C’est pourtant la Révolution qui, tout en lui ôtant sa raison d’être avec la suppression du cimetière, va permettre la sauvegarde du passage. En effet, une Commission des artistes est chargée par la Convention nationale en 1793 de coordonner la vente des nombreux biens nationaux dans Paris, notamment ceux issus du clergé. Un des objectifs est la mise en œuvre de projets d’embellissement et d’aménagement, dont certains étaient déjà envisagés sous l’Ancien régime. Un autre est de veiller au tracé de nouvelles voies pour valoriser la vente de ces biens nationaux[11], surtout s’ils sont encastrés dans le bâti comme c’est le cas ici.  Ainsi, dans leur rapport du 3 germinal an IV (23 mars 1796)[12], « les commissaires ont proposé d’ouvrir une autre rue dans la direction d’un passage qui conduit de celle Antoine au cimetière Saint-Paul, tant pour l’aliénation des maisons dépendant de la ci-devant fabrique que de l’emplacement du cimetière ». En effet, l’élargissement de l’étroit passage Saint-Paul depuis la rue Saint-Antoine permettait de désenclaver l’intérieur du quadrilatère, augmentant la valeur des biens mis en vente, et notamment tout le terrain du cimetière, constructible à terme.
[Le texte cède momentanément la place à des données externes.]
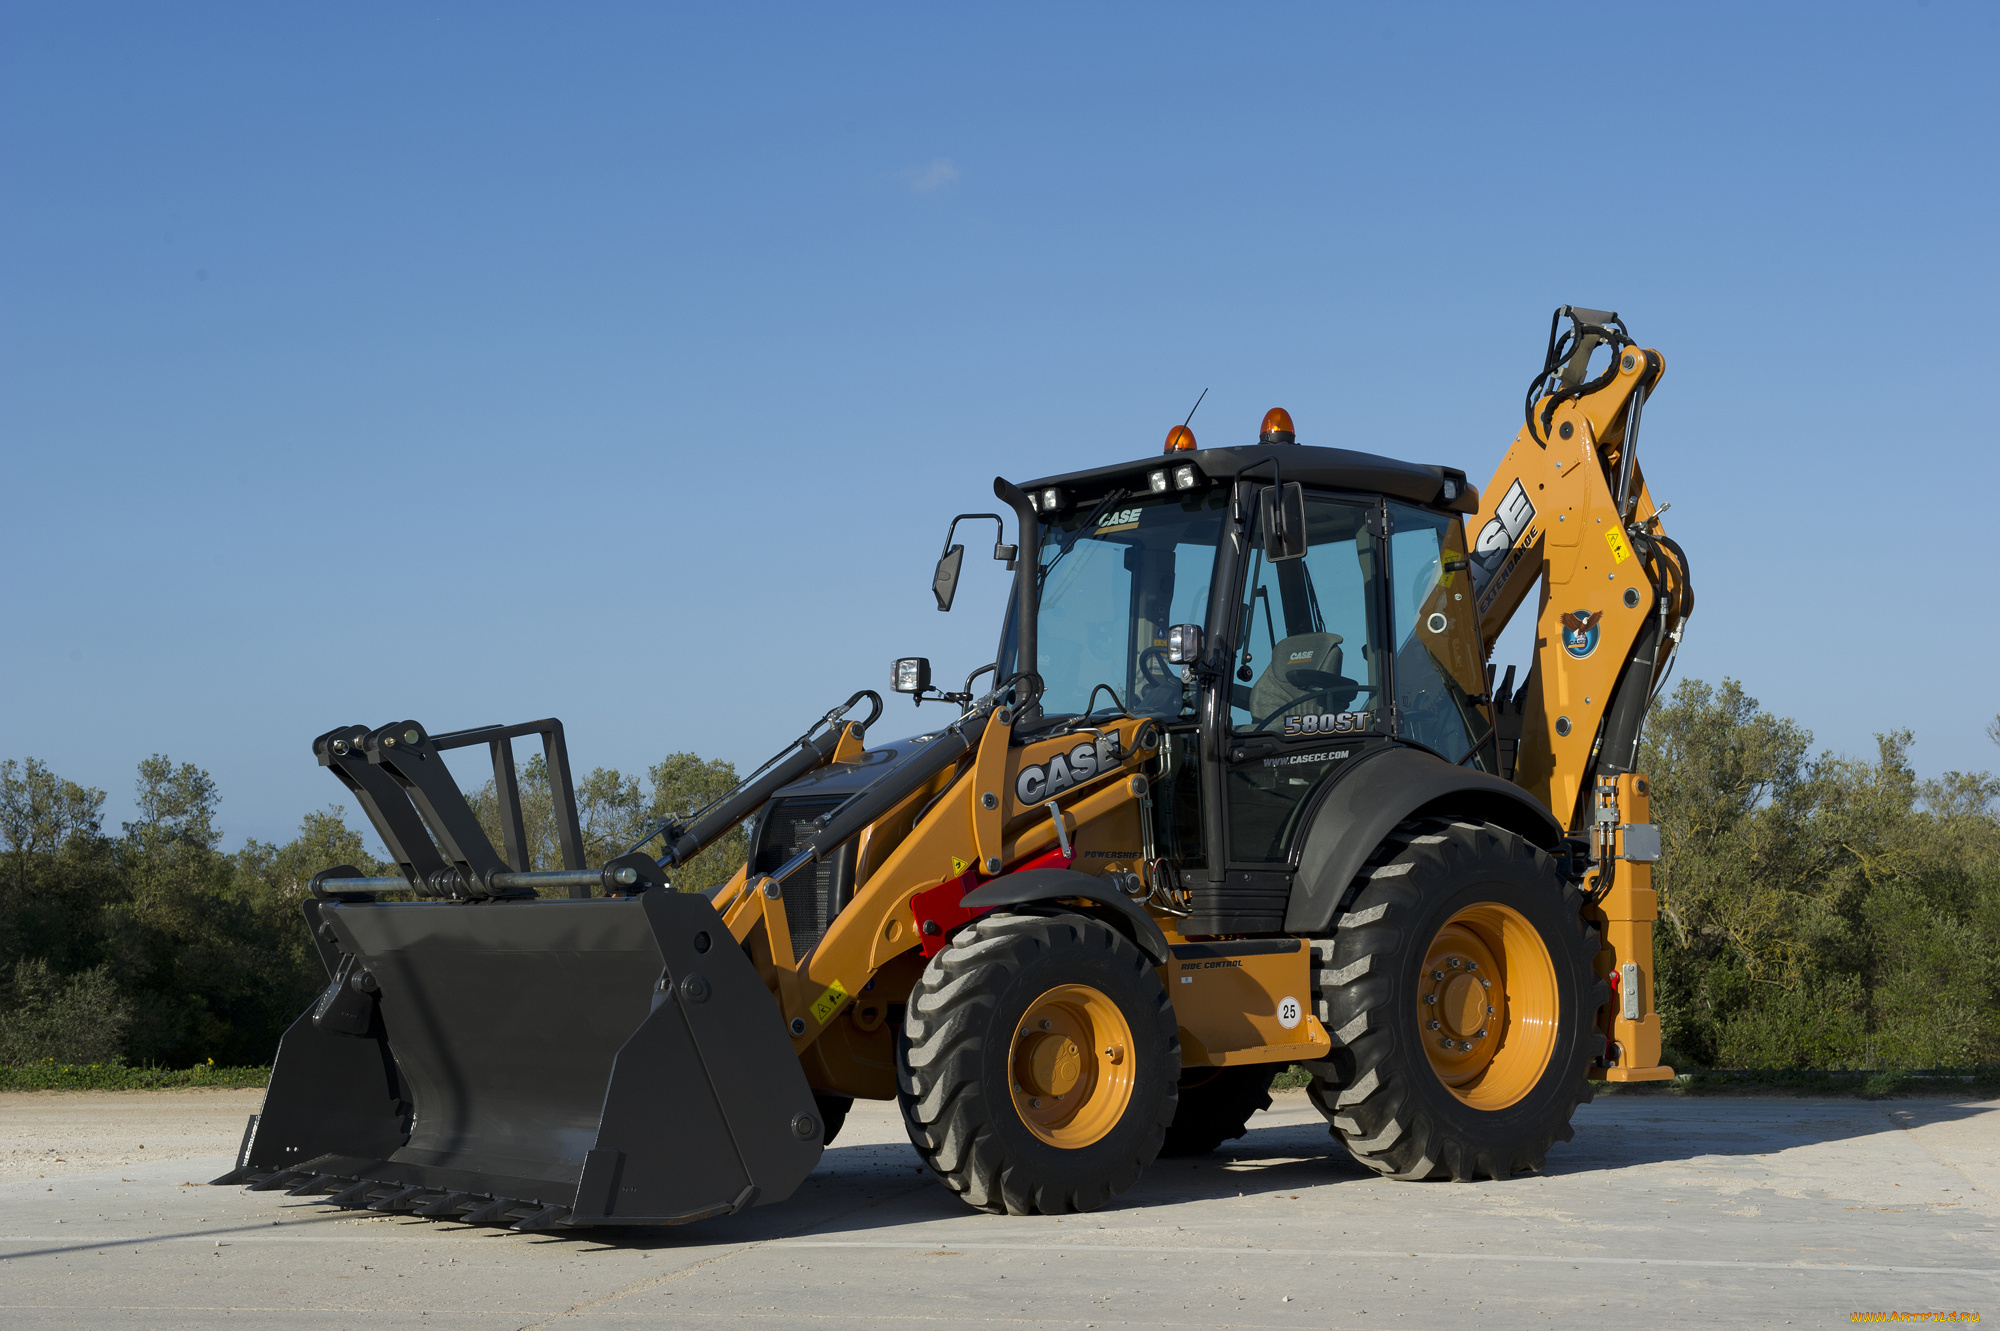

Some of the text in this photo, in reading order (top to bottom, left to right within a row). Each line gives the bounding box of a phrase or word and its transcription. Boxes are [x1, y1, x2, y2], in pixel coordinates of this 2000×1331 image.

[1098, 508, 1142, 527] CASE
[1469, 478, 1536, 599] ASE
[1480, 525, 1539, 615] EXTENDAHOE
[1290, 651, 1313, 660] CASE
[1285, 712, 1369, 736] 580ST
[1017, 730, 1121, 804] CASE
[1264, 750, 1349, 767] WWW.CASECE.COM
[1085, 851, 1143, 859] POWERSHIFT
[1181, 960, 1243, 971] RIDE CONTROL
[1283, 1004, 1296, 1019] 25
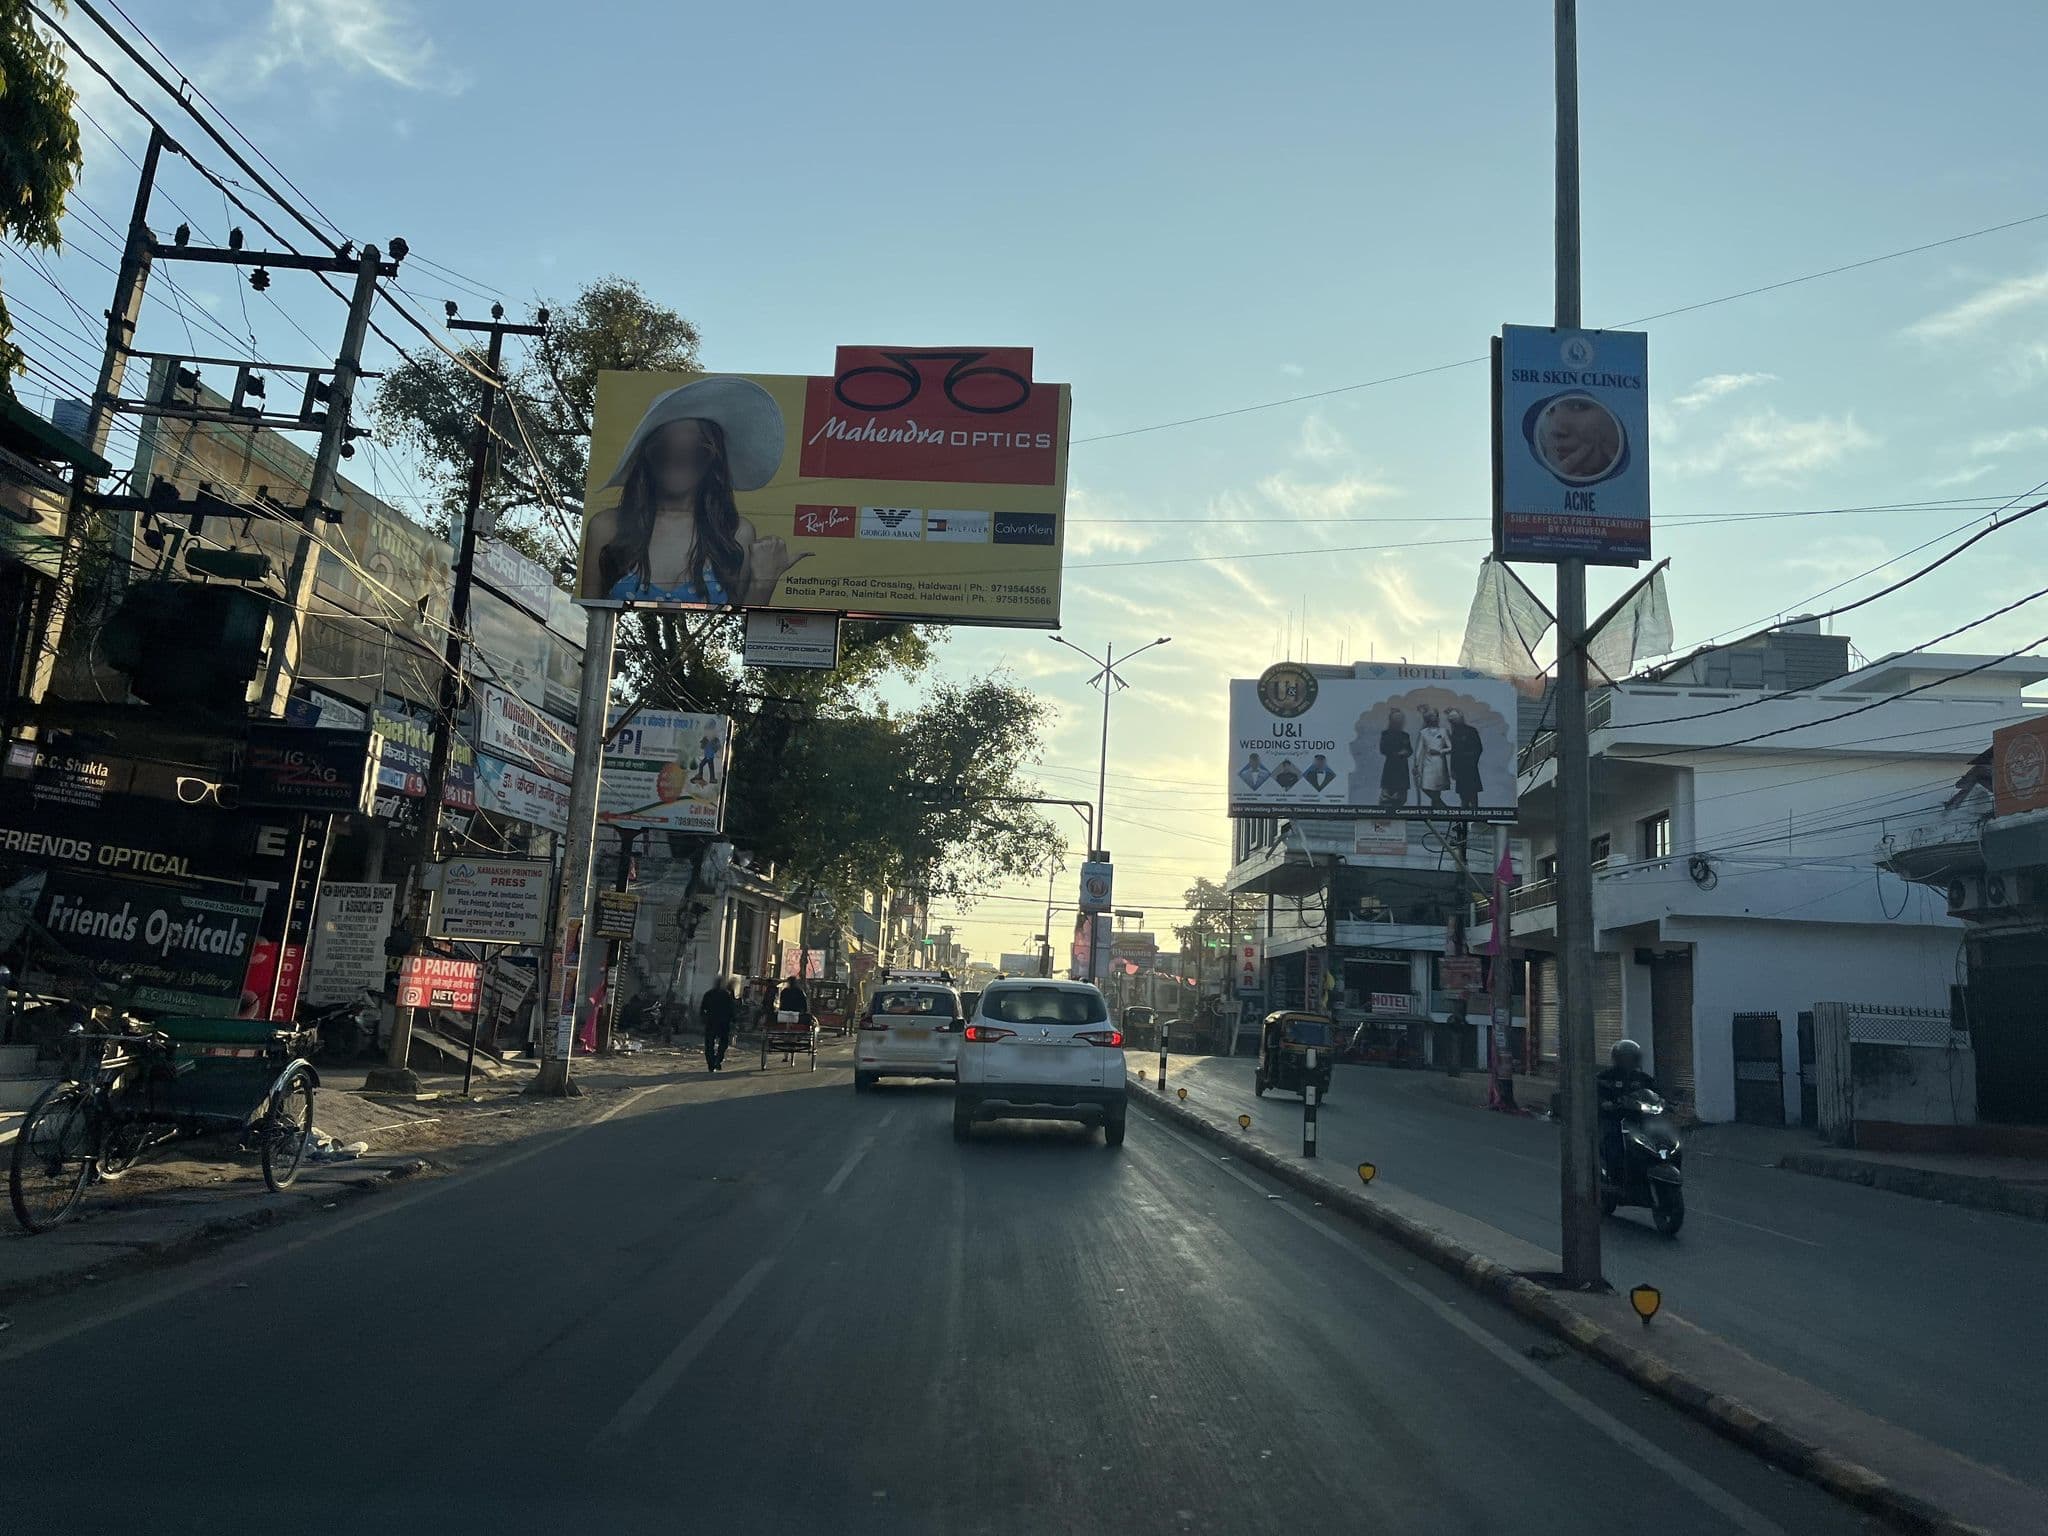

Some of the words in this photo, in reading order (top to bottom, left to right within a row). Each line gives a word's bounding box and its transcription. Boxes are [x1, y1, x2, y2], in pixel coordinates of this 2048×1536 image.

[1511, 368, 1540, 383] SBR
[1543, 370, 1577, 385] SKIN
[1581, 372, 1641, 390] CLINICS
[809, 416, 946, 447] Mahendra
[950, 431, 1051, 449] OPTICS
[1564, 490, 1596, 512] ACNE
[799, 507, 850, 534] Ray-Ban
[1571, 517, 1594, 527] FREE
[1595, 518, 1644, 529] TREATMENT
[860, 528, 890, 537] GIORGIO
[893, 530, 921, 538] ARMANI
[947, 526, 988, 534] HILFIGER
[995, 522, 1027, 535] Calvin
[1027, 523, 1053, 536] Klein
[1548, 525, 1559, 534] BY
[1561, 526, 1608, 537] AYURVEDA
[842, 578, 868, 588] Road
[870, 579, 916, 591] Crossing,
[785, 586, 817, 596] Bhotia
[851, 589, 888, 599] Nainital
[1398, 666, 1447, 680] HOTEL
[1272, 722, 1303, 738] U&I
[1239, 739, 1291, 751] WEDDING
[1294, 740, 1336, 751] STUDIO
[64, 757, 109, 777] Shukla
[97, 844, 193, 878] OPTICAL
[512, 869, 543, 878] PRINTING
[490, 877, 526, 888] PRESS
[473, 909, 493, 918] Printing
[46, 894, 139, 942] Friends
[144, 908, 248, 958] Opticals
[401, 957, 422, 974] NO
[424, 959, 484, 980] PARKING
[1243, 947, 1254, 986] BAR
[431, 989, 477, 1004] NETCOM
[1371, 995, 1409, 1008] HOTEL
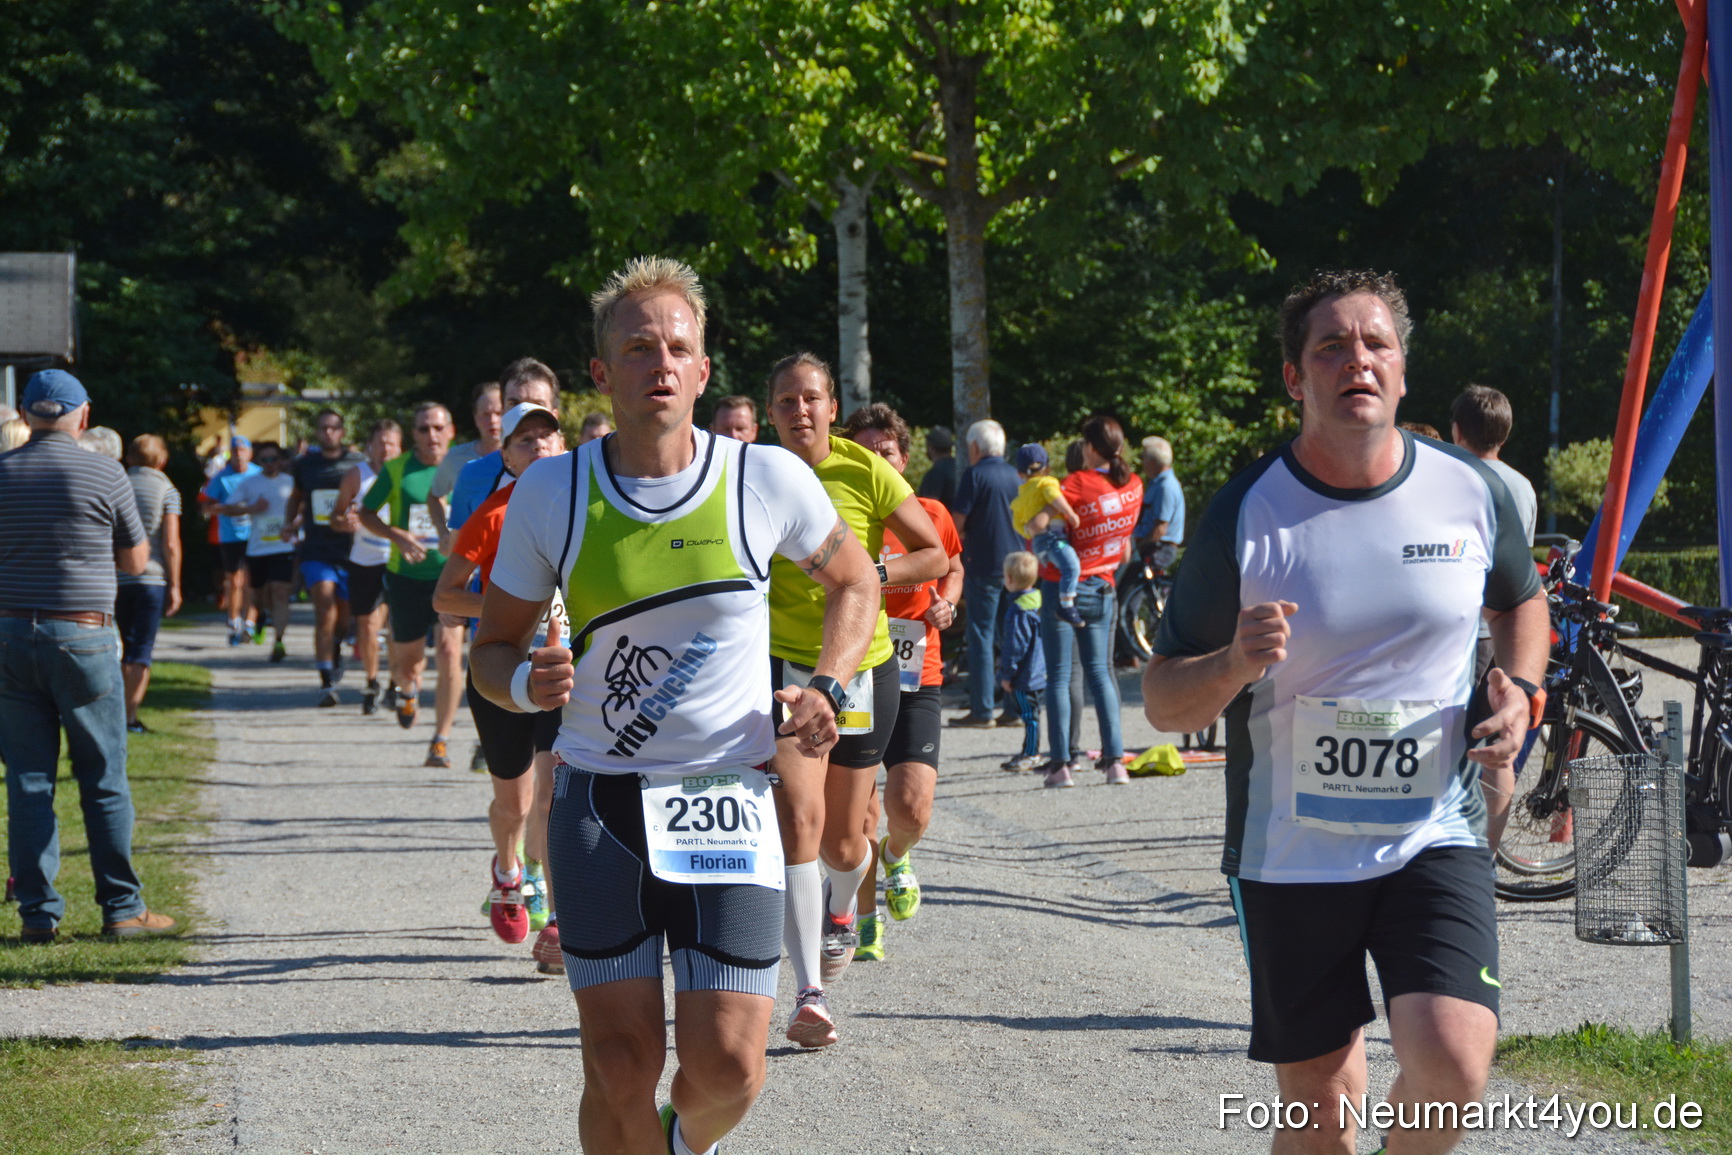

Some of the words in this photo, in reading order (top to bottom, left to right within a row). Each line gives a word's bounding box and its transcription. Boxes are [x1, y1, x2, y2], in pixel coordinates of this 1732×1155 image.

[1076, 515, 1133, 539] aumbox
[1402, 544, 1450, 558] swn
[881, 584, 924, 594] eumarkt
[889, 624, 906, 633] CK
[892, 639, 915, 660] 48
[835, 716, 846, 725] ea
[1336, 711, 1400, 726] BOCK
[1315, 735, 1419, 778] 3078
[1300, 763, 1307, 772] C
[682, 774, 741, 788] BOCK
[1322, 782, 1353, 792] PARTL
[1355, 784, 1399, 793] Neumarkt
[665, 796, 762, 833] 2306
[676, 838, 705, 846] PARTL
[707, 838, 747, 846] Neumarkt
[690, 854, 747, 870] Florian
L’idée était aussi d’allonger cette nouvelle rue et de la faire « aboutir dans la rue Neuve-Saint-Paul », mais au prix de la destruction d’une partie de l’hôtel Brinvilliers et de ses jardins. De plus, les commissaires jugeaient « nécessaire d’y ajouter une branche qui serait dirigée parallèlement au côté latéral de l’église [alors encore debout] pour la vente des autres biens de cette fabrique et du terrain de la ci-devant prison Saint-Eloi qui se trouve derrière ». Autrement dit, les passages existants auraient servi de tracés pour les nouvelles rues. S’agissant du prolongement vers la rue Neuve-Saint Paul, le cimetière étant encore utilisé, les commissaires suggéraient « de se borner à n’ouvrir que la partie de cette rue depuis celle Antoine jusqu’à l’entrée du cimetière ainsi que la branche en retour jusqu’à celle Saint-Paul ». En suspendant ce prolongement et en limitant le tracé des nouvelles voies sur les passages déjà existants, et par ailleurs propriétés nationales, l’opération proposée par la commission n’exigeait « aucune dépense d’acquisition » et « mettait à porter d’aliéner avantageusement toutes les propriétés nationales environnantes qu’on ne saurait évaluer à moins d’un million ».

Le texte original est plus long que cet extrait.